La crise du "subprime" n'en finit pas de faire des dégâts dans le secteur bancaire. Lundi, c'est la banque UBS, un grand nom de la finance suisse, qui a accru de 10 milliards de dollars le montant de ses dépréciations en raison de la détérioration du marché américain des titres hypothécaires à risque. Elle avait déjà acté une première dépréciation de 4,2 milliards de francs suisses en octobre, qui s'est traduite par une perte nette de 830 millions au troisième trimestre. La provision supplémentaire va entraîner une perte au quatrième trimestre "au lieu d'un bénéfice global comme anticipé" . Une perte nette pour l'ensemble de 2007 est "maintenant jugée possible" .

On aurait pu craindre le pire après cette nouvelle.

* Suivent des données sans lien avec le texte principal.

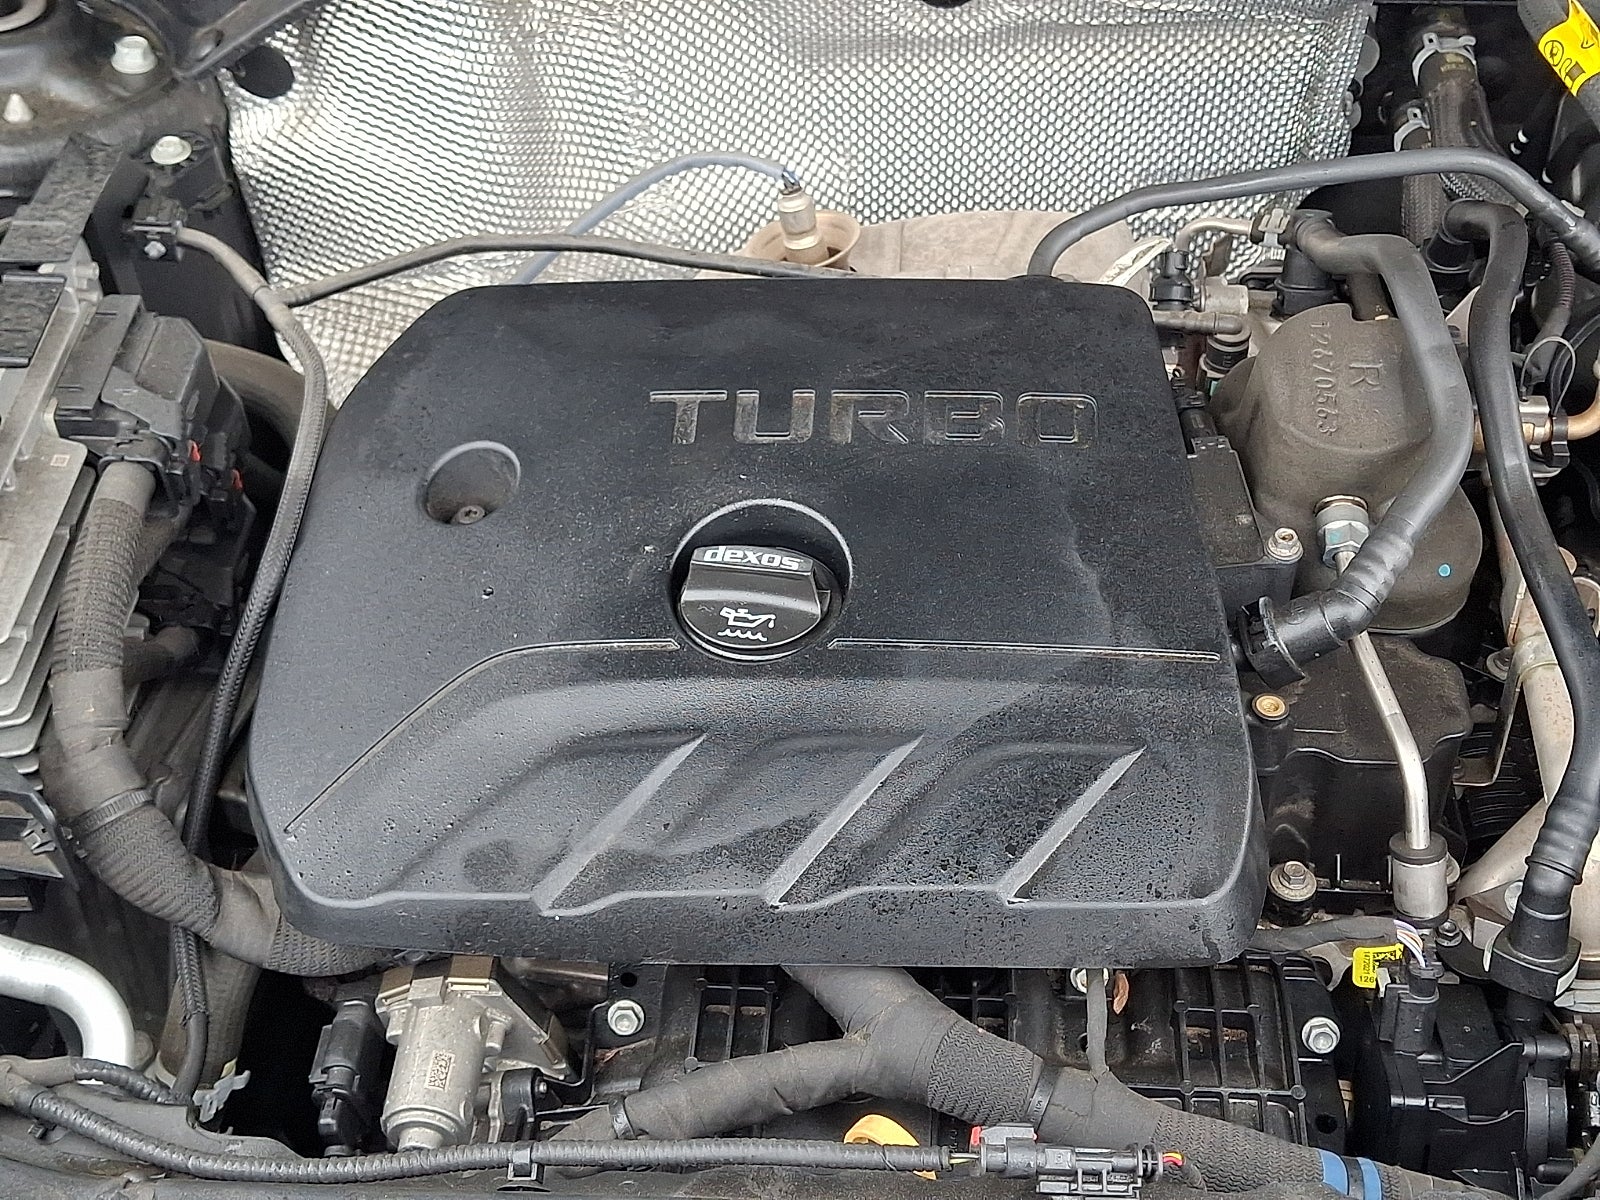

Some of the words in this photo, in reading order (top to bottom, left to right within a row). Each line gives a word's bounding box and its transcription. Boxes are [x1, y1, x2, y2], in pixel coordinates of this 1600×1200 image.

[649, 388, 1099, 448] TURBO
[703, 545, 804, 571] dexos
[1358, 975, 1377, 984] 126
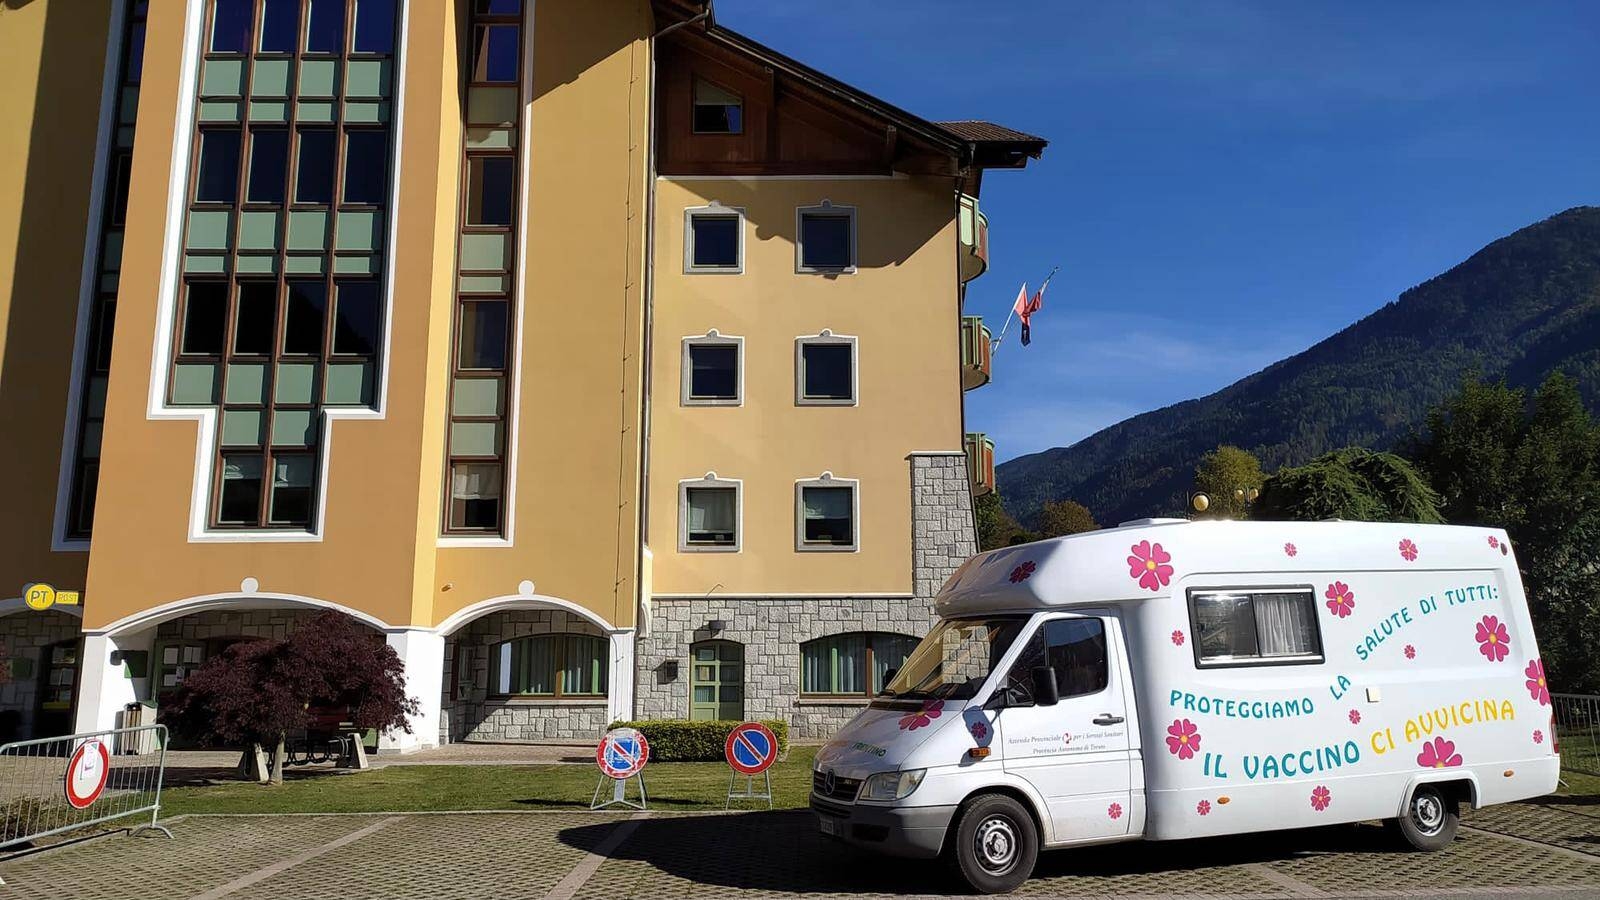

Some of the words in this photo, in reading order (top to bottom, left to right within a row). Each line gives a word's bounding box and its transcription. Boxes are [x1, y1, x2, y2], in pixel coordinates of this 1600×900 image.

[30, 590, 49, 603] PT
[1170, 689, 1314, 719] PROTEGGIAMO
[1330, 675, 1351, 700] LA
[1356, 608, 1412, 660] SALUTE
[1420, 598, 1438, 615] DI
[1445, 585, 1499, 606] TUTTI:
[1203, 752, 1228, 778] IL
[1243, 740, 1361, 780] VACCINO
[1370, 726, 1396, 755] CI
[1404, 700, 1515, 743] AVVICINA

Mais, l'action UBS qui a ouvert en nette baisse s'est redressée pour terminer à 58 euros (+1,4 pc). Si les investisseurs ont plutôt bien réagi c'est parce qu'ils ont été rassurés par l'annonce d'un renforcement des fonds propres de la banque via une émission d'obligations obligatoirement convertibles pour un montant de 13 milliards de francs suisses (7,84 milliards d'euros).

L'émission va être souscrite par deux investisseurs, d'une part GIC (Government of Singapore Investment Corporation) pour 11 milliards de francs suisses et d'autre part par un investisseur du Moyen-Orient qui a souhaité garder l'anonymat. Cet investissement correspond à environ 9 pc du capital d'UBS.

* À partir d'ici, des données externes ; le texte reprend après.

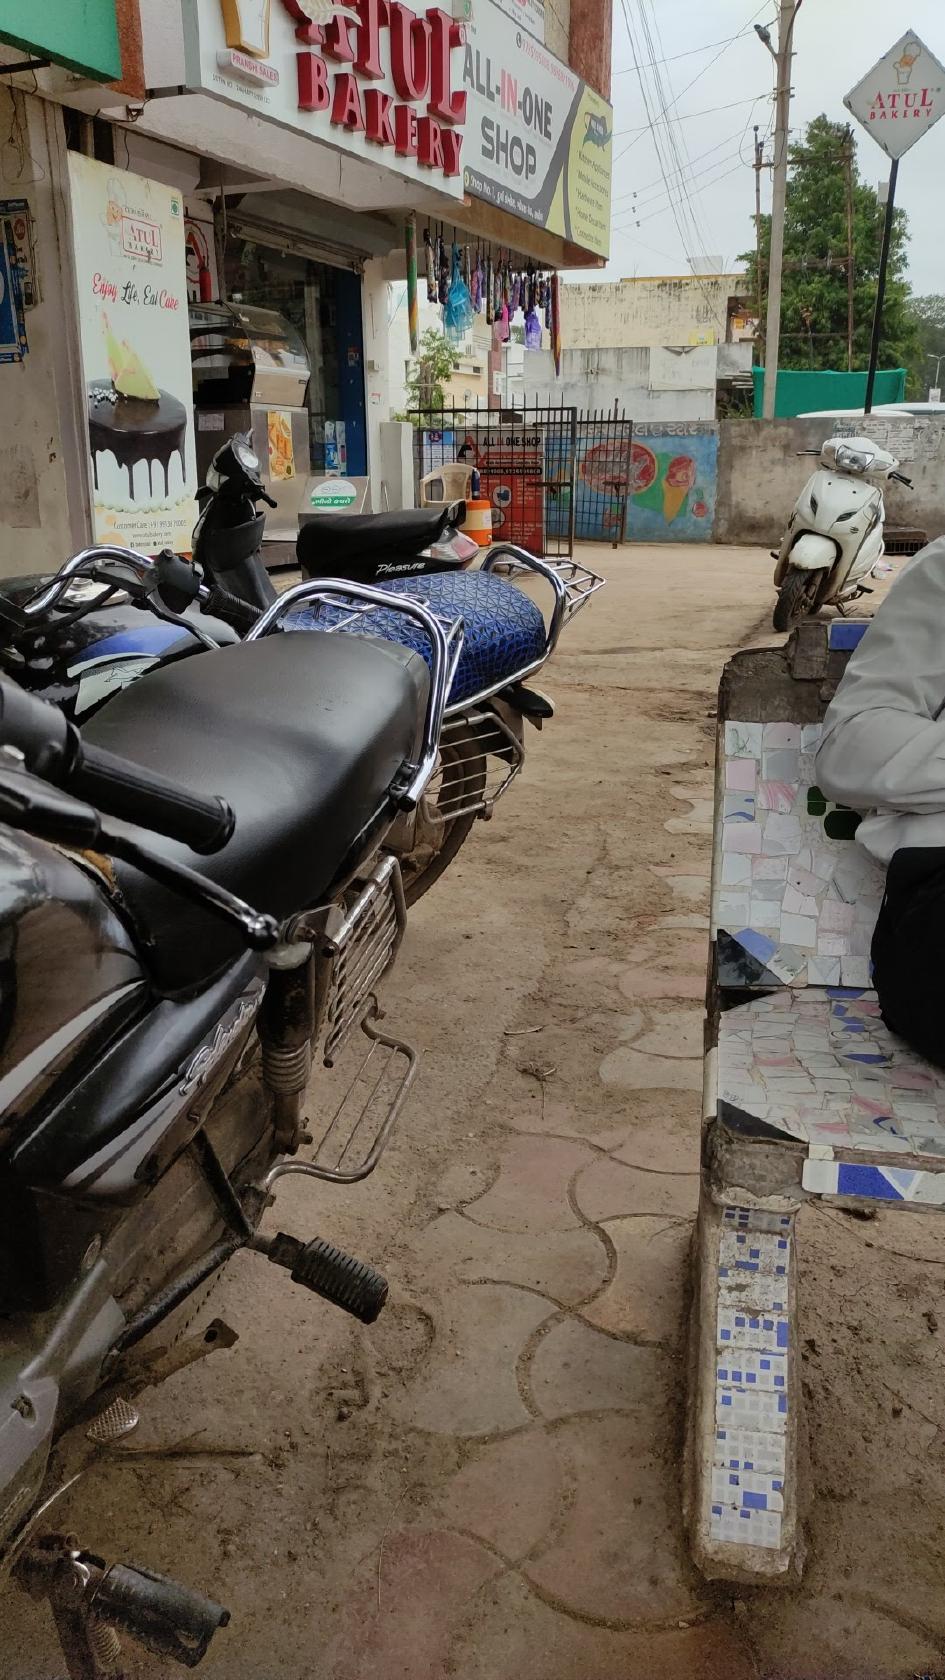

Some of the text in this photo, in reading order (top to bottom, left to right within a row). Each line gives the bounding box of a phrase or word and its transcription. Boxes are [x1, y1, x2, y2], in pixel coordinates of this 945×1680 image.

[463, 42, 552, 141] ALL-IN-ONE
[871, 88, 934, 109] ATUL
[296, 52, 463, 177] BAKERY
[869, 108, 932, 120] BAKERY
[481, 115, 537, 180] SHOP
[128, 224, 159, 248] ATUL
[92, 272, 180, 311] Enjoy Life, Eat Cake
[375, 562, 426, 576] Pleasure
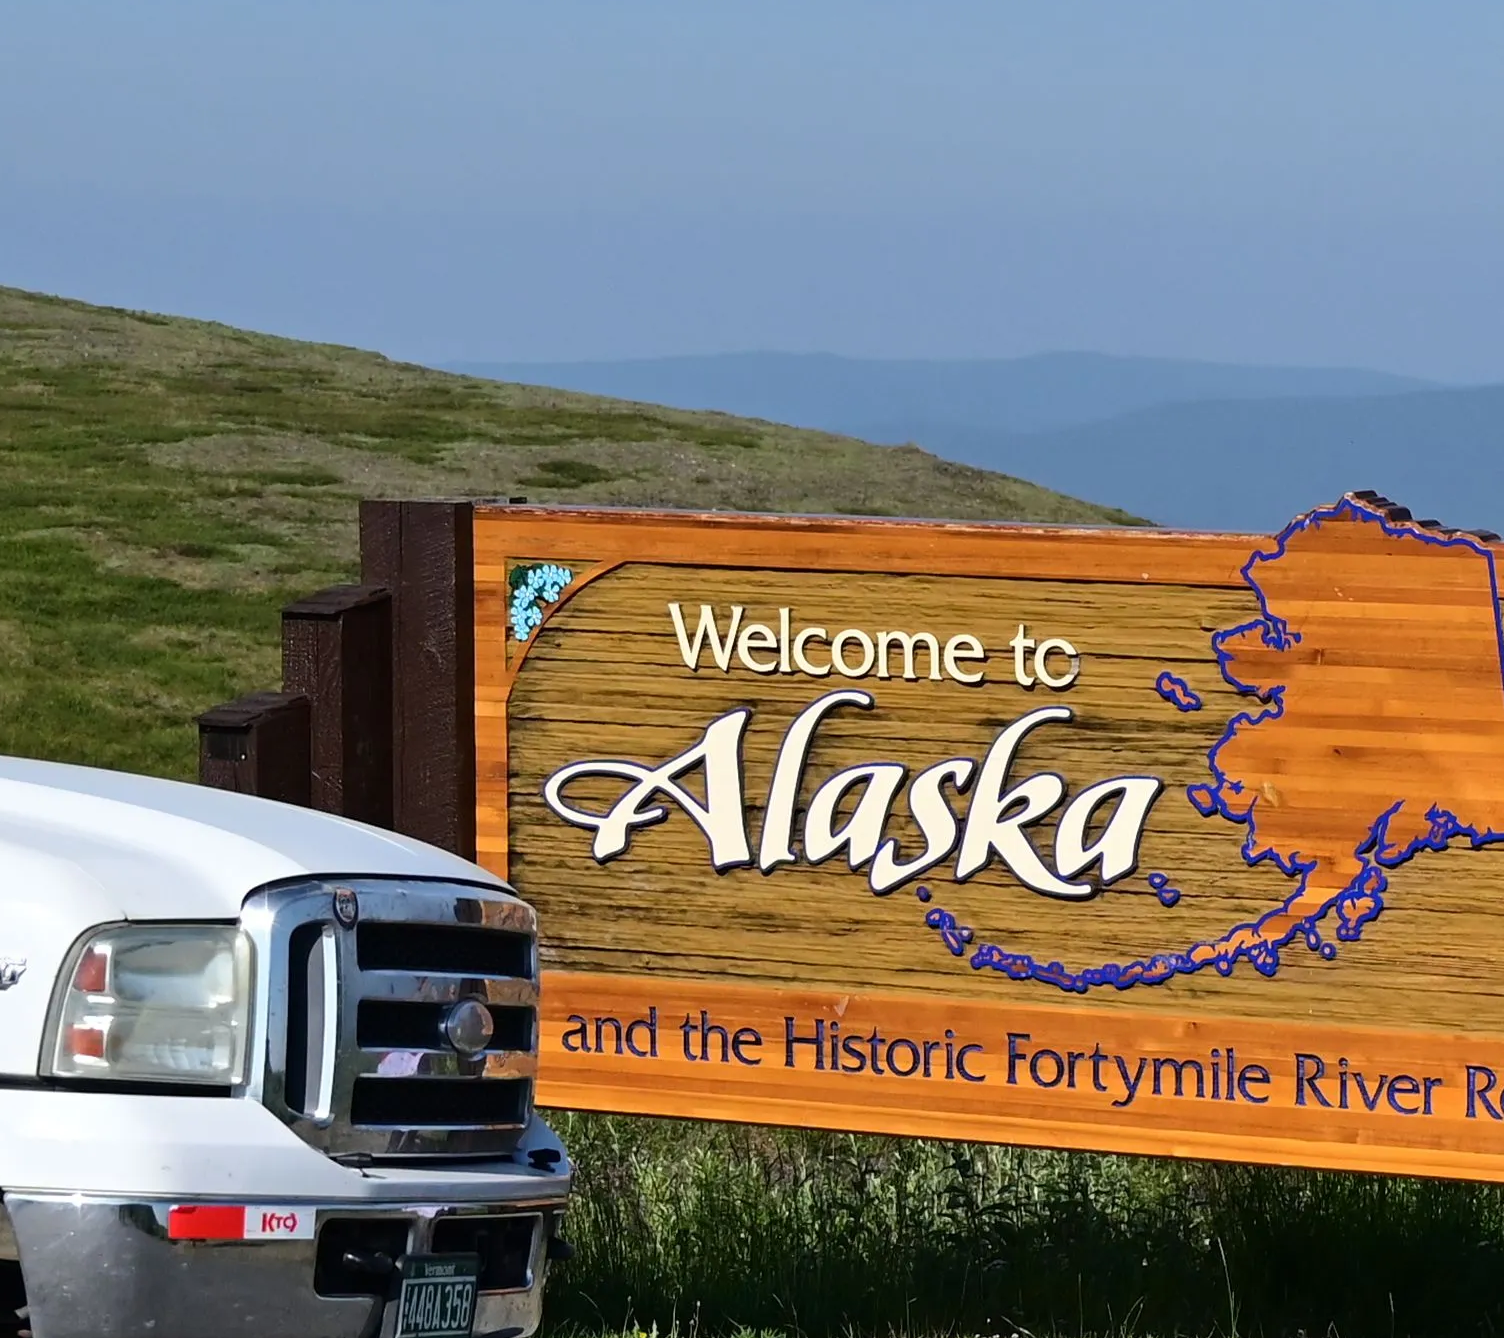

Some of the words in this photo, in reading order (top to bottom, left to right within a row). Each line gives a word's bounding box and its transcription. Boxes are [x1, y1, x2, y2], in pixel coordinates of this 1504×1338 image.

Selon un courtier, "le fait que l'augmentation de capital soit déjà souscrite est plutôt un bon signe concernant la santé à long terme d'UBS". "Comme pour Citigroup, UBS a trouvé des investisseurs pour compenser l'impact de la crise du subprime. Cela rassure les marchés, cela veut dire qu'il n'y aura pas de défaut", commente un spécialiste des produits dérivés. "Les fonds souverains commencent à faire des incursions dans le secteur bancaire et il y en aura d'autres", ajoute un gérant.

Coupon de 9 pc

Mais comme Citigroup ou Fortis qui ont également lancé récemment des émissions de papier convertible en actions, UBS paie le prix fort. Les obligations sont assorties d'un coupon de 9 pc jusqu'à la conversion en actions ordinaires, ce qui devra intervenir jusqu'à une date fixée environ deux ans après l'émission. Citigroup a lui offert jusqu'à du 11 pc pour les obligations souscrites par le fonds souverain d'Abou Dhabi. Quant au groupe Fortis, il paie l'Euribor (taux à court terme) majoré d'une prime pouvant aller jusqu'à 2 pc.

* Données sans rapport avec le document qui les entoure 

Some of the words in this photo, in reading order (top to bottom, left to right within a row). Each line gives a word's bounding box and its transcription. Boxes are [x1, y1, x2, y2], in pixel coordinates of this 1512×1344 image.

UBS a annoncé d'autres mesures destinées à renforcer ses fonds propres : elle va vendre les actions détenues en autocontrôle pour un montant de 2 milliards de francs suisses et propose de remplacer le dividende en numéraire par un dividende en actions. Ce qui devrait permettre d'augmenter les fonds propres à concurrence de 4,4 milliards de francs suisses. Toutes ces mesures doivent être approuvées lors d'une assemblée extraordinaire début 2008.

Prié de dire s'il comptait démissionner, le président du conseil d'administration Marc Ospel a indiqué n'avoir ressenti aucune pression interne en ce sens. Il a insisté aussi sur le fait qu'il ne s'attendait pas à un bonus de rémunération cette année et qu'UBS devait réfléchir au repositionnement de sa banque d'investissement, à l'origine de tous ses maux.